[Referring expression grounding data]
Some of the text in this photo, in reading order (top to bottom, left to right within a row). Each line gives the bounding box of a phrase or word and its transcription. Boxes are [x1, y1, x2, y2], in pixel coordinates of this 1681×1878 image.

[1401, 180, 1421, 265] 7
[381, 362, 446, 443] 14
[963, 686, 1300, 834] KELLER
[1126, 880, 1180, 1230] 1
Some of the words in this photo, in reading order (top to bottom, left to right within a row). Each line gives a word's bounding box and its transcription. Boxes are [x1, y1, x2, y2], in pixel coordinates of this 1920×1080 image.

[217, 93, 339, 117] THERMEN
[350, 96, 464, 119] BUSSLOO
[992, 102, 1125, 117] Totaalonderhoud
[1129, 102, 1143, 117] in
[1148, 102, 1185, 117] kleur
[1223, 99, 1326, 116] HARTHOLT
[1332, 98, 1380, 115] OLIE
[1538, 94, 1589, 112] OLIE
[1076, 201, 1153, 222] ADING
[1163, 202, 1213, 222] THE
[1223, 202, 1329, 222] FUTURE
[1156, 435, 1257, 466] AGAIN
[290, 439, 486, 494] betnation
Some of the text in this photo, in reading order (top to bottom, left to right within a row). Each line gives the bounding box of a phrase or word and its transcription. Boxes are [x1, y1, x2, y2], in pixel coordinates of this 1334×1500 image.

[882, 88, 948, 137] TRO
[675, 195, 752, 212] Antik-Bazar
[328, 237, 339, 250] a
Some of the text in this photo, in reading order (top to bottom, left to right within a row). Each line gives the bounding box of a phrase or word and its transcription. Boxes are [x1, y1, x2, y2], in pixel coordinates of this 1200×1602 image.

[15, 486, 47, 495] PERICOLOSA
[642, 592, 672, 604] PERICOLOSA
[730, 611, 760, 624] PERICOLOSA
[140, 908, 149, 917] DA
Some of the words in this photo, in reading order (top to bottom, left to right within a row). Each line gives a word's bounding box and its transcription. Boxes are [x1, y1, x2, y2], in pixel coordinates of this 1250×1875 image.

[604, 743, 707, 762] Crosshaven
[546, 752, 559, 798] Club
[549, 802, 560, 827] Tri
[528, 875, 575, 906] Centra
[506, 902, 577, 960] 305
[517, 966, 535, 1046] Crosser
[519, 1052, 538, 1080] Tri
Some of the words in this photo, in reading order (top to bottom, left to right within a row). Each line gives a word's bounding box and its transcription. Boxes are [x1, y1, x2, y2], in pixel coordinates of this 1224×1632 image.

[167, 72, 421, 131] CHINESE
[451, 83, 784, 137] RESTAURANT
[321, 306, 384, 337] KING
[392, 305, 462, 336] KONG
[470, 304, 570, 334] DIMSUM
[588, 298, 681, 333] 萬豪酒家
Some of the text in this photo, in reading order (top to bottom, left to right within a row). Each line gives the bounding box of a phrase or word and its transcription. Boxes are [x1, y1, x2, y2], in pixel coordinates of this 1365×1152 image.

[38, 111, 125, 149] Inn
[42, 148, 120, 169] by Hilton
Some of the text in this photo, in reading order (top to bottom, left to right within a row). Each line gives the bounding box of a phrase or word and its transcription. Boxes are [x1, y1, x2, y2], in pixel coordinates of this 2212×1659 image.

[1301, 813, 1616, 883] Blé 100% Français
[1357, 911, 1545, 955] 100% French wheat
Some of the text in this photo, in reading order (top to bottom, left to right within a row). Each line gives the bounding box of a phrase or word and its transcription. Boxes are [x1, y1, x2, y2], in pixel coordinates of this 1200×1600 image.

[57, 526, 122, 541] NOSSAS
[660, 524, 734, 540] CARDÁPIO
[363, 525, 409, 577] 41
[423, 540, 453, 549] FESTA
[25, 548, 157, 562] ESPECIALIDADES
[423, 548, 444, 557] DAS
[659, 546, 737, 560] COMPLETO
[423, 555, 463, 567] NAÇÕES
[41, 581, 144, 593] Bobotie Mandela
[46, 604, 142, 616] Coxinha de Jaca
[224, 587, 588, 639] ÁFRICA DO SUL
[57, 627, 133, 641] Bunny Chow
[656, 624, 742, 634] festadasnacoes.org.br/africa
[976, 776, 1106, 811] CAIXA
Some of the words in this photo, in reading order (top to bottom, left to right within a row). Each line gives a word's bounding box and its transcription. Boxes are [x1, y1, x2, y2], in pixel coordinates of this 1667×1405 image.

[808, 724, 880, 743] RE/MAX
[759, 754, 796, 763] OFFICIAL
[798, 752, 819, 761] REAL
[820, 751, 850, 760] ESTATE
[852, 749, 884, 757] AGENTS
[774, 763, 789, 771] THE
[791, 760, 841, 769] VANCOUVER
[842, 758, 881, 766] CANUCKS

--- TASK DESCRIPTION ---
Could you write out all of the entries precisely as they stand?

--- OUTPUT FOR THIS TASK ---
Some of the text in this photo, in reading order (top to bottom, left to right within a row). Each line gives the bounding box of a phrase or word and its transcription. Boxes are [x1, y1, x2, y2], in pixel coordinates of this 1681×1878 image.

[1401, 180, 1421, 265] 7
[381, 362, 446, 443] 14
[963, 686, 1300, 834] KELLER
[1126, 880, 1180, 1230] 1
Some of the words in this photo, in reading order (top to bottom, left to right within a row). Each line gives a word's bounding box and its transcription. Boxes are [x1, y1, x2, y2], in pixel coordinates of this 1920×1080 image.

[217, 93, 339, 117] THERMEN
[350, 96, 464, 119] BUSSLOO
[992, 102, 1125, 117] Totaalonderhoud
[1129, 102, 1143, 117] in
[1148, 102, 1185, 117] kleur
[1223, 99, 1326, 116] HARTHOLT
[1332, 98, 1380, 115] OLIE
[1538, 94, 1589, 112] OLIE
[1076, 201, 1153, 222] ADING
[1163, 202, 1213, 222] THE
[1223, 202, 1329, 222] FUTURE
[1156, 435, 1257, 466] AGAIN
[290, 439, 486, 494] betnation
Some of the text in this photo, in reading order (top to bottom, left to right within a row). Each line gives the bounding box of a phrase or word and its transcription. Boxes are [x1, y1, x2, y2], in pixel coordinates of this 1334×1500 image.

[882, 88, 948, 137] TRO
[675, 195, 752, 212] Antik-Bazar
[328, 237, 339, 250] a
Some of the text in this photo, in reading order (top to bottom, left to right within a row). Each line gives the bounding box of a phrase or word and its transcription. Boxes are [x1, y1, x2, y2], in pixel coordinates of this 1200×1602 image.

[15, 486, 47, 495] PERICOLOSA
[642, 592, 672, 604] PERICOLOSA
[730, 611, 760, 624] PERICOLOSA
[140, 908, 149, 917] DA
Some of the words in this photo, in reading order (top to bottom, left to right within a row). Each line gives a word's bounding box and its transcription. Boxes are [x1, y1, x2, y2], in pixel coordinates of this 1250×1875 image.

[604, 743, 707, 762] Crosshaven
[546, 752, 559, 798] Club
[549, 802, 560, 827] Tri
[528, 875, 575, 906] Centra
[506, 902, 577, 960] 305
[517, 966, 535, 1046] Crosser
[519, 1052, 538, 1080] Tri
Some of the words in this photo, in reading order (top to bottom, left to right within a row). Each line gives a word's bounding box and its transcription. Boxes are [x1, y1, x2, y2], in pixel coordinates of this 1224×1632 image.

[167, 72, 421, 131] CHINESE
[451, 83, 784, 137] RESTAURANT
[321, 306, 384, 337] KING
[392, 305, 462, 336] KONG
[470, 304, 570, 334] DIMSUM
[588, 298, 681, 333] 萬豪酒家
Some of the text in this photo, in reading order (top to bottom, left to right within a row). Each line gives the bounding box of a phrase or word and its transcription. Boxes are [x1, y1, x2, y2], in pixel coordinates of this 1365×1152 image.

[38, 111, 125, 149] Inn
[42, 148, 120, 169] by Hilton
Some of the text in this photo, in reading order (top to bottom, left to right within a row). Each line gives the bounding box of a phrase or word and its transcription. Boxes are [x1, y1, x2, y2], in pixel coordinates of this 2212×1659 image.

[1301, 813, 1616, 883] Blé 100% Français
[1357, 911, 1545, 955] 100% French wheat
Some of the text in this photo, in reading order (top to bottom, left to right within a row). Each line gives the bounding box of a phrase or word and its transcription. Boxes are [x1, y1, x2, y2], in pixel coordinates of this 1200×1600 image.

[57, 526, 122, 541] NOSSAS
[660, 524, 734, 540] CARDÁPIO
[363, 525, 409, 577] 41
[423, 540, 453, 549] FESTA
[25, 548, 157, 562] ESPECIALIDADES
[423, 548, 444, 557] DAS
[659, 546, 737, 560] COMPLETO
[423, 555, 463, 567] NAÇÕES
[41, 581, 144, 593] Bobotie Mandela
[46, 604, 142, 616] Coxinha de Jaca
[224, 587, 588, 639] ÁFRICA DO SUL
[57, 627, 133, 641] Bunny Chow
[656, 624, 742, 634] festadasnacoes.org.br/africa
[976, 776, 1106, 811] CAIXA
Some of the words in this photo, in reading order (top to bottom, left to right within a row). Each line gives a word's bounding box and its transcription. Boxes are [x1, y1, x2, y2], in pixel coordinates of this 1667×1405 image.

[808, 724, 880, 743] RE/MAX
[759, 754, 796, 763] OFFICIAL
[798, 752, 819, 761] REAL
[820, 751, 850, 760] ESTATE
[852, 749, 884, 757] AGENTS
[774, 763, 789, 771] THE
[791, 760, 841, 769] VANCOUVER
[842, 758, 881, 766] CANUCKS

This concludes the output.